Here is an example of the pompous and flatulent language that can be used in the wonderful world of art: ‘(It)….is meant to evoke the experience of pure non-objectivity in the white emptiness of a liberated nothing.’ If you read this about a painting you’d probably roll your eyes at such pretentious twaddle. And yet this was said by none other than Suprematist Supremo, Russian artist Kazimir Malevich (1879-1935). 'It' refers to his seminal Suprematist work ‘Black Square’ (1915) which comprises…er…a plain black square with a plain white border.

The use of flowery language in the art world has been dubbed International Art English (IAE) by artist and art critic David Levine and Alix Rule, and it runs through the Suprematist art movement like a stick of rock. Suprematism is ‘the supremacy of pure feeling or perception in the pictorial arts.’ Suprematism is ‘all about feeling and getting away from previous art movements.’ Suprematism is the ‘zero degree of painting, that is the point beyond which the medium could not go without ceasing to be art.’
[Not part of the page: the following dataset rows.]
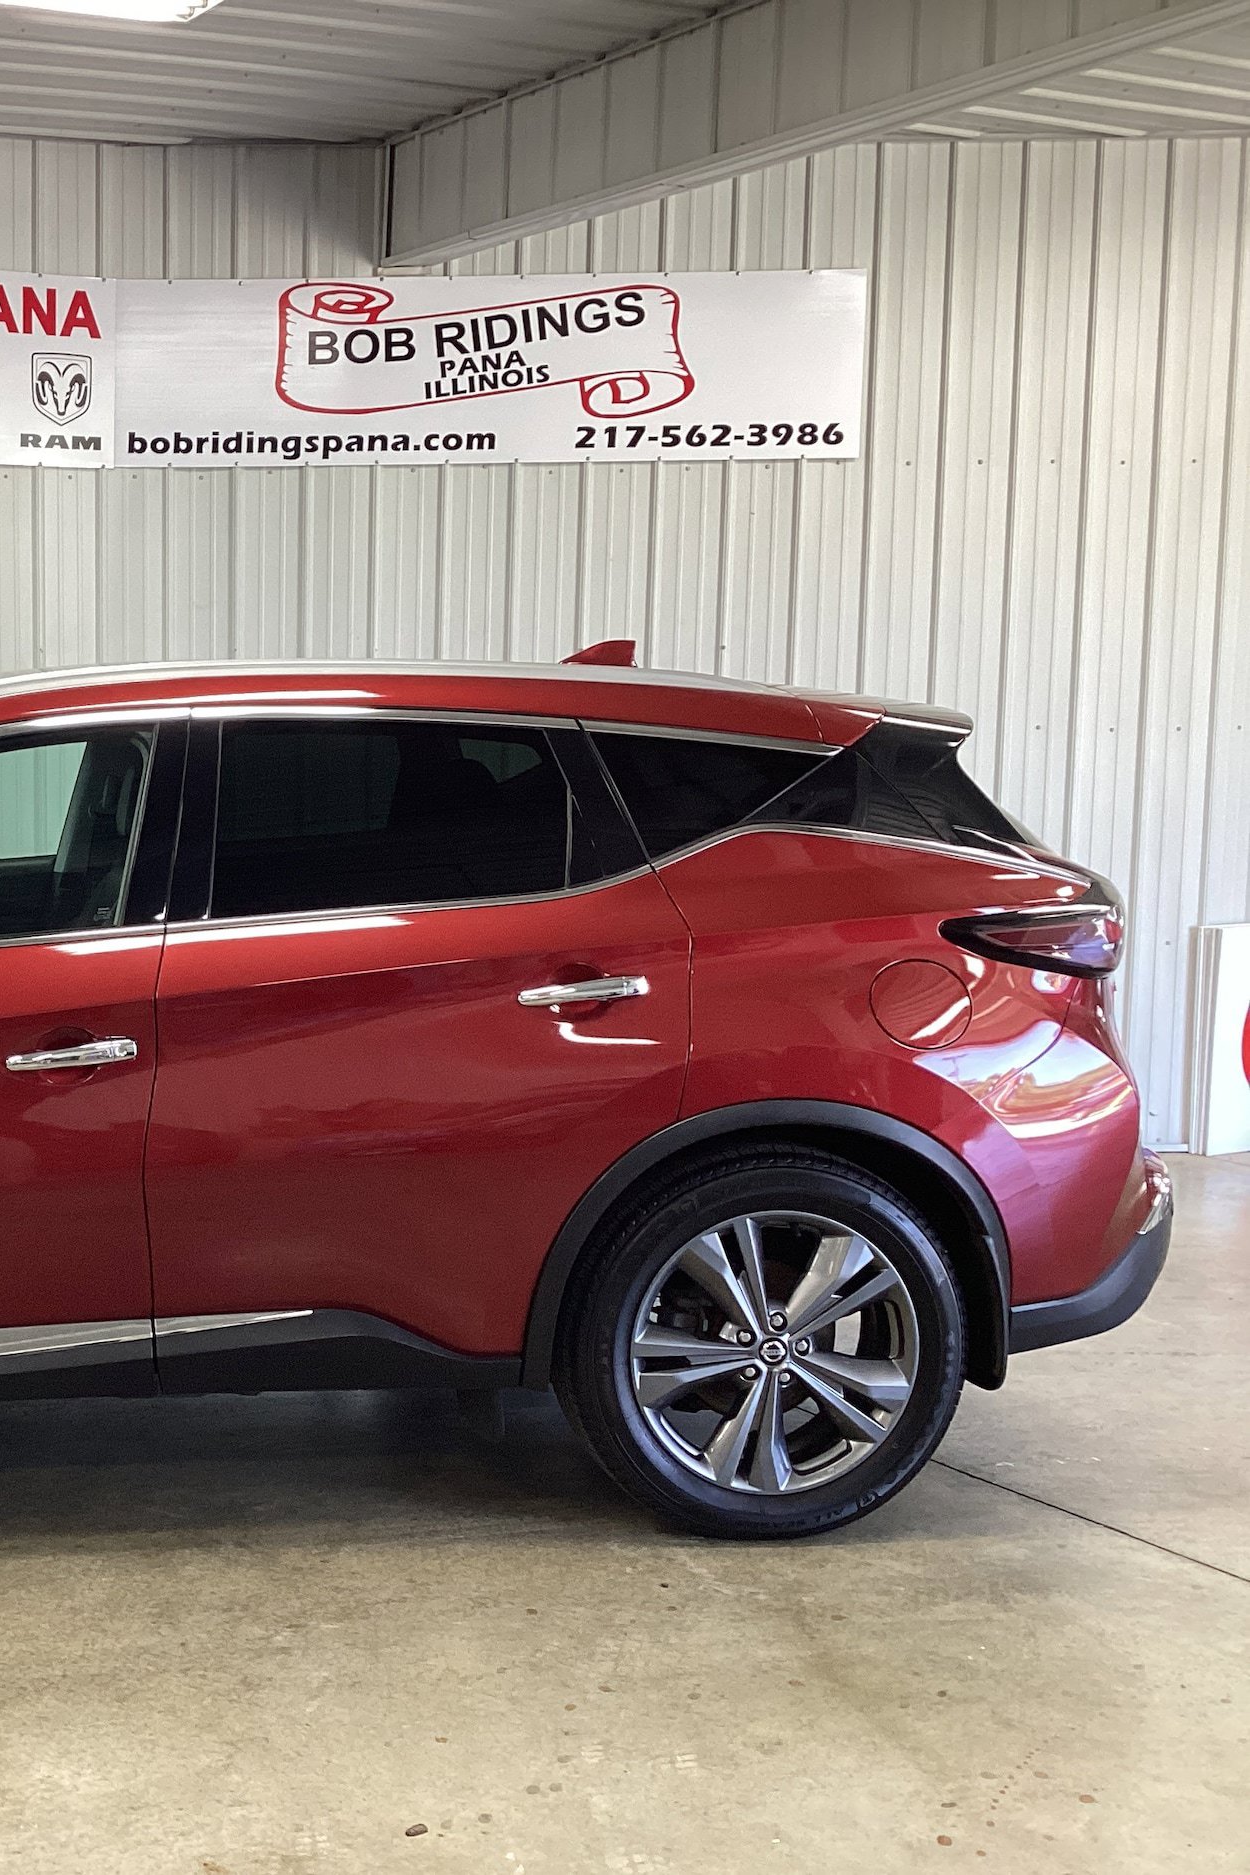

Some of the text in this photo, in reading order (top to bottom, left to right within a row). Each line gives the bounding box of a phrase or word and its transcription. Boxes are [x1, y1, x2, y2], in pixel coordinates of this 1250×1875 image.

[307, 291, 646, 366] BOB RIDINGS
[439, 350, 527, 379] PANA
[424, 364, 551, 400] ILLINOIS
[20, 433, 102, 451] RAM
[127, 431, 496, 460] bobridingspana.com
[575, 422, 844, 449] 217-562-3986
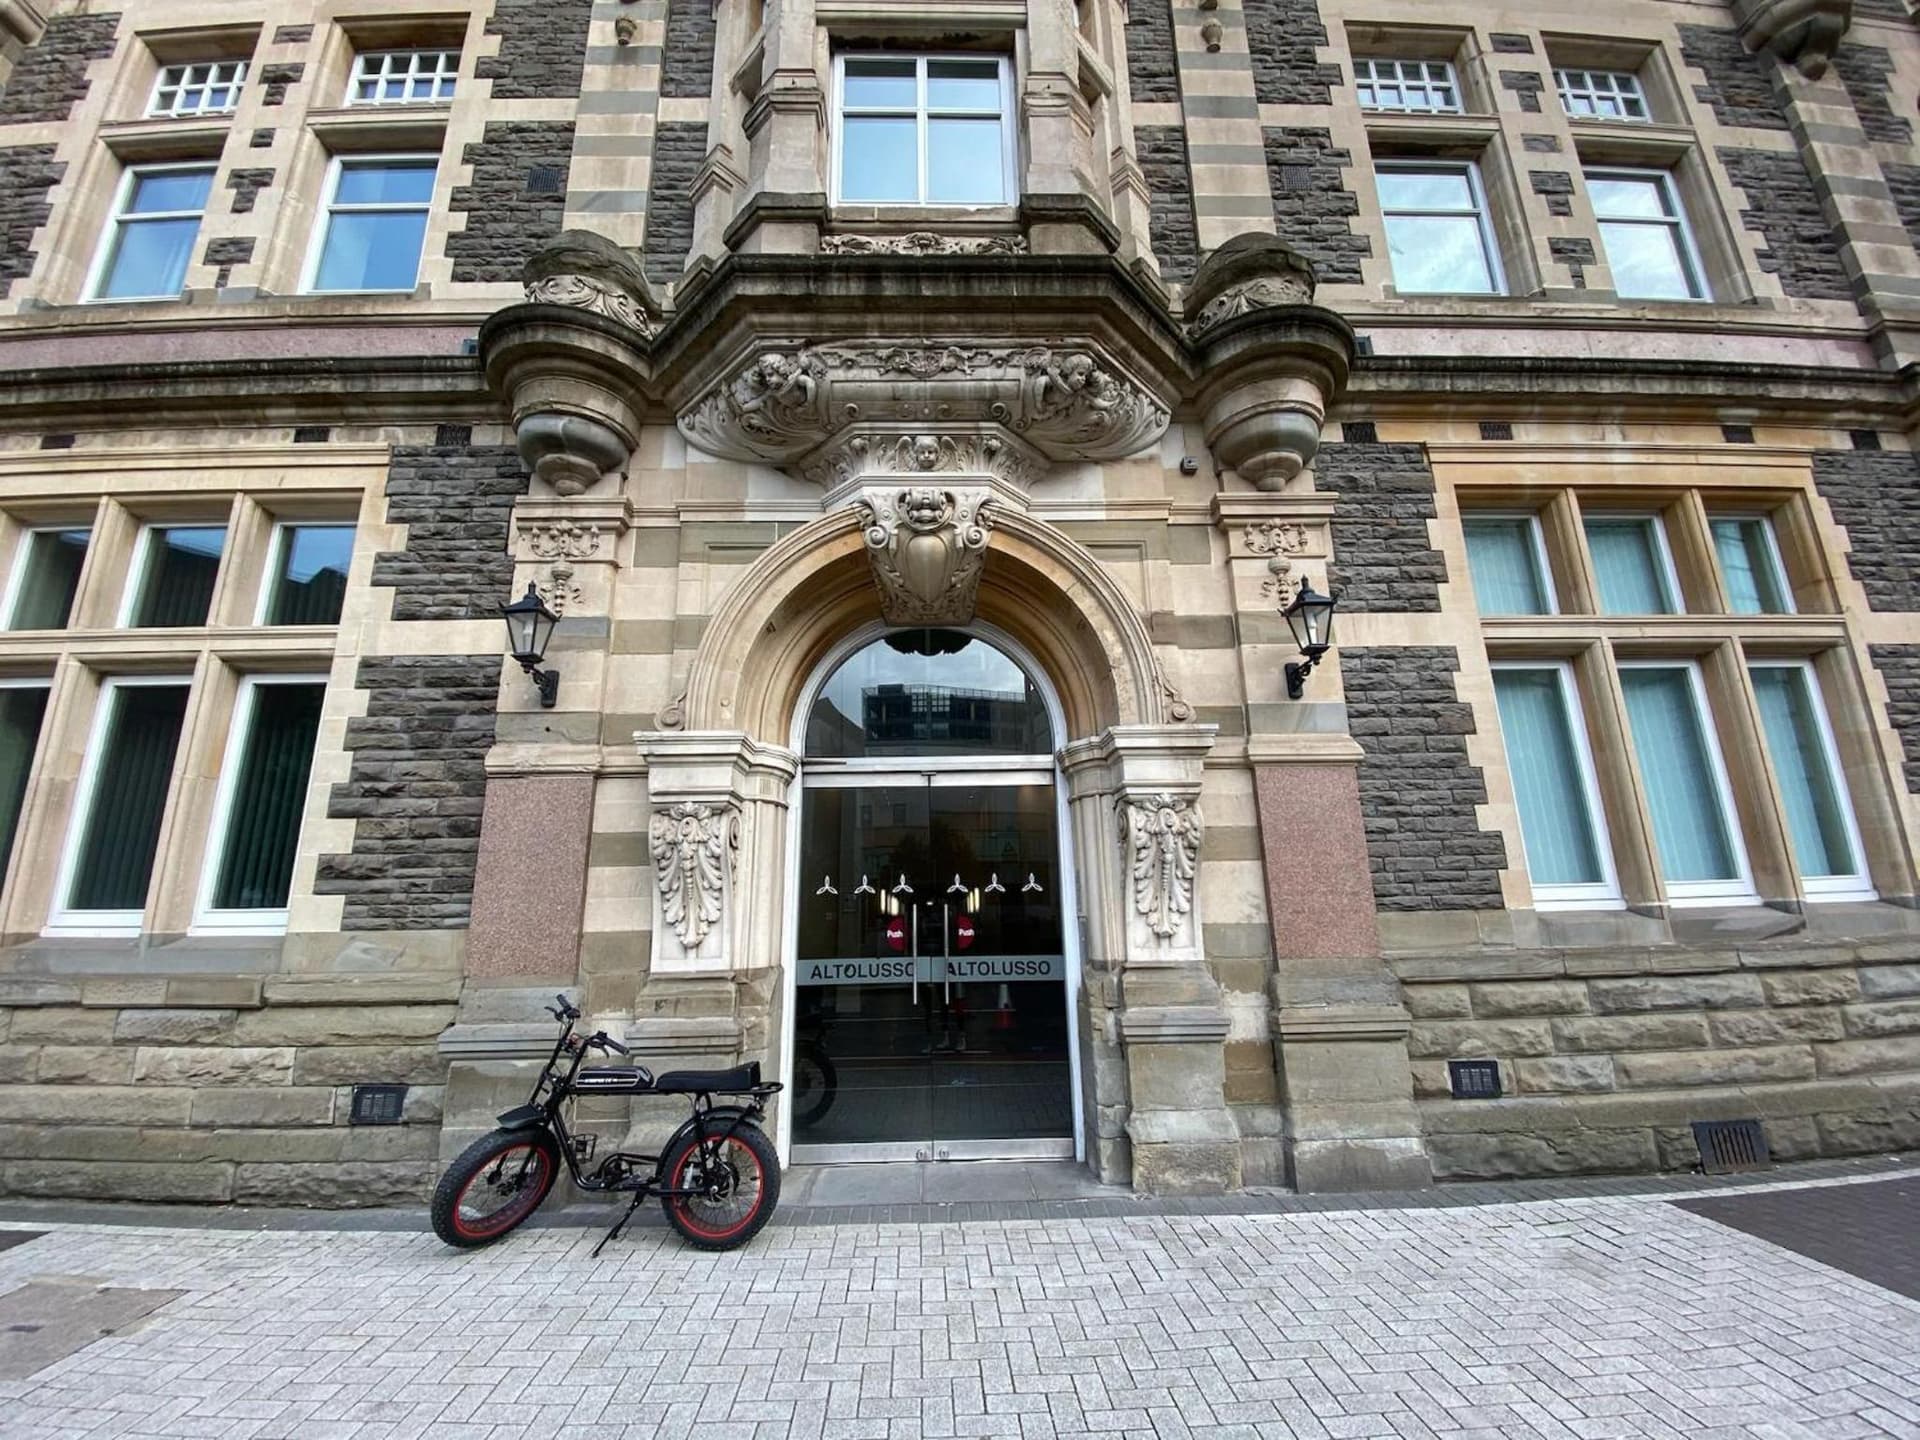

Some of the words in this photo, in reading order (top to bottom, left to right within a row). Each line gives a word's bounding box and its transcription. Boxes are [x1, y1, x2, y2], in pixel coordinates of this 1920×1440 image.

All very deep and meaningful I'm sure. Way too intellectual and abstruse for the tiny little brains like yours or mine to grapple with. This is the sort of nonsense that turns than man on the Clapham omnibus off art for good. And yet Suprematism, with its reliance on limited color palette and use of basic shapes like squares, circles, crosses, mostly floating around on plain backgrounds, is one of the shallowest form of art there is. It could well be called Simpletonism, or even What-I-Drew-On-My-First-Day-At-School-Ism. Don’t get me wrong, I love Malevich but …’the white emptiness of a liberated nothing’? Who is he trying to kid? Revered Art God Mark Rothko was also not averse to hyperbole: 'People who weep before my paintings had the same religious experience I had when I painted them.' Yeah. Right.

New York based artist Levine may be right when he says: ‘The more you can muddy the waters around the meaning of a work of art the more you can keep the value high.’ And, of course, the water muddy-ers - art critics - make a pretty good living out of looking for things in paintings that, mostly, aren't there.

I write about how my paintings come into existence and the toil that goes into them, but I don't psychoanalyse them. My contribution to International Art English is this: ‘How is the painting going to look on the wall above your IKEA sofa?’

Anyone could have painted this painting you see here. It involves no difficult techniques at all. It is a just a patient Stakhanovitian slog involving basic hand/eye co-ordination. Day after day, getting a few more sq cms filled in, until, eventually, after six weeks or so, it is finished. You are paying for the work involved, not some chimerical bogus emotion. You are paying for the 99% perspiration and the 0.01% inspiration. (Thomas Edison's definition of genius inflates the inspiration quotient to 1%, but only a few artists since the first cave painters could claim to be the full one percenters, and I certainly am not one of them).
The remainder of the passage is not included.